EXERCISE DIRECTIONS
Please restate the data word for word, in full.

DATA FOR THIS TASK
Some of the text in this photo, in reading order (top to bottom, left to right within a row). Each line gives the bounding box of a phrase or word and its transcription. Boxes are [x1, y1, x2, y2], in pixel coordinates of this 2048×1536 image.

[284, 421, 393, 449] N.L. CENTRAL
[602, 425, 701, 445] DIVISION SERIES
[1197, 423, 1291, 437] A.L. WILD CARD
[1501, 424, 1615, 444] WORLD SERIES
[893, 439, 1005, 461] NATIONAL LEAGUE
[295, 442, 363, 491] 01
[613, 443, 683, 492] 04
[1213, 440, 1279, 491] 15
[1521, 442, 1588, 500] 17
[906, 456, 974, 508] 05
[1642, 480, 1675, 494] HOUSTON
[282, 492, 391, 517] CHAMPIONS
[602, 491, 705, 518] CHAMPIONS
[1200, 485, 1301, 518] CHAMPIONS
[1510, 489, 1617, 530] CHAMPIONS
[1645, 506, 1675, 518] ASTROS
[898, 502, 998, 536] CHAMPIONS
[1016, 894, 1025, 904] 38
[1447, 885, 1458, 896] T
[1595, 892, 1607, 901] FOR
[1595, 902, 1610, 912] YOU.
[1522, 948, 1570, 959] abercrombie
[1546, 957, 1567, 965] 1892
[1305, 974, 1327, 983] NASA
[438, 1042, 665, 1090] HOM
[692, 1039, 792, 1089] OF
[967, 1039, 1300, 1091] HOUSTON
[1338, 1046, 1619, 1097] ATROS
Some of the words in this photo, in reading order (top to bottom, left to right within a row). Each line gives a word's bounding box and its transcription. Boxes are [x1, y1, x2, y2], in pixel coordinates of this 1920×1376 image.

THE COMPLETED TASK
Some of the text in this photo, in reading order (top to bottom, left to right within a row). Each line gives the bounding box of a phrase or word and its transcription. Boxes are [x1, y1, x2, y2], in pixel coordinates of this 2048×1536 image.

[284, 421, 393, 449] N.L. CENTRAL
[602, 425, 701, 445] DIVISION SERIES
[1197, 423, 1291, 437] A.L. WILD CARD
[1501, 424, 1615, 444] WORLD SERIES
[893, 439, 1005, 461] NATIONAL LEAGUE
[295, 442, 363, 491] 01
[613, 443, 683, 492] 04
[1213, 440, 1279, 491] 15
[1521, 442, 1588, 500] 17
[906, 456, 974, 508] 05
[1642, 480, 1675, 494] HOUSTON
[282, 492, 391, 517] CHAMPIONS
[602, 491, 705, 518] CHAMPIONS
[1200, 485, 1301, 518] CHAMPIONS
[1510, 489, 1617, 530] CHAMPIONS
[1645, 506, 1675, 518] ASTROS
[898, 502, 998, 536] CHAMPIONS
[1016, 894, 1025, 904] 38
[1447, 885, 1458, 896] T
[1595, 892, 1607, 901] FOR
[1595, 902, 1610, 912] YOU.
[1522, 948, 1570, 959] abercrombie
[1546, 957, 1567, 965] 1892
[1305, 974, 1327, 983] NASA
[438, 1042, 665, 1090] HOM
[692, 1039, 792, 1089] OF
[967, 1039, 1300, 1091] HOUSTON
[1338, 1046, 1619, 1097] ATROS
Some of the words in this photo, in reading order (top to bottom, left to right within a row). Each line gives a word's bounding box and its transcription. Boxes are [x1, y1, x2, y2], in pixel coordinates of this 1920×1376 image.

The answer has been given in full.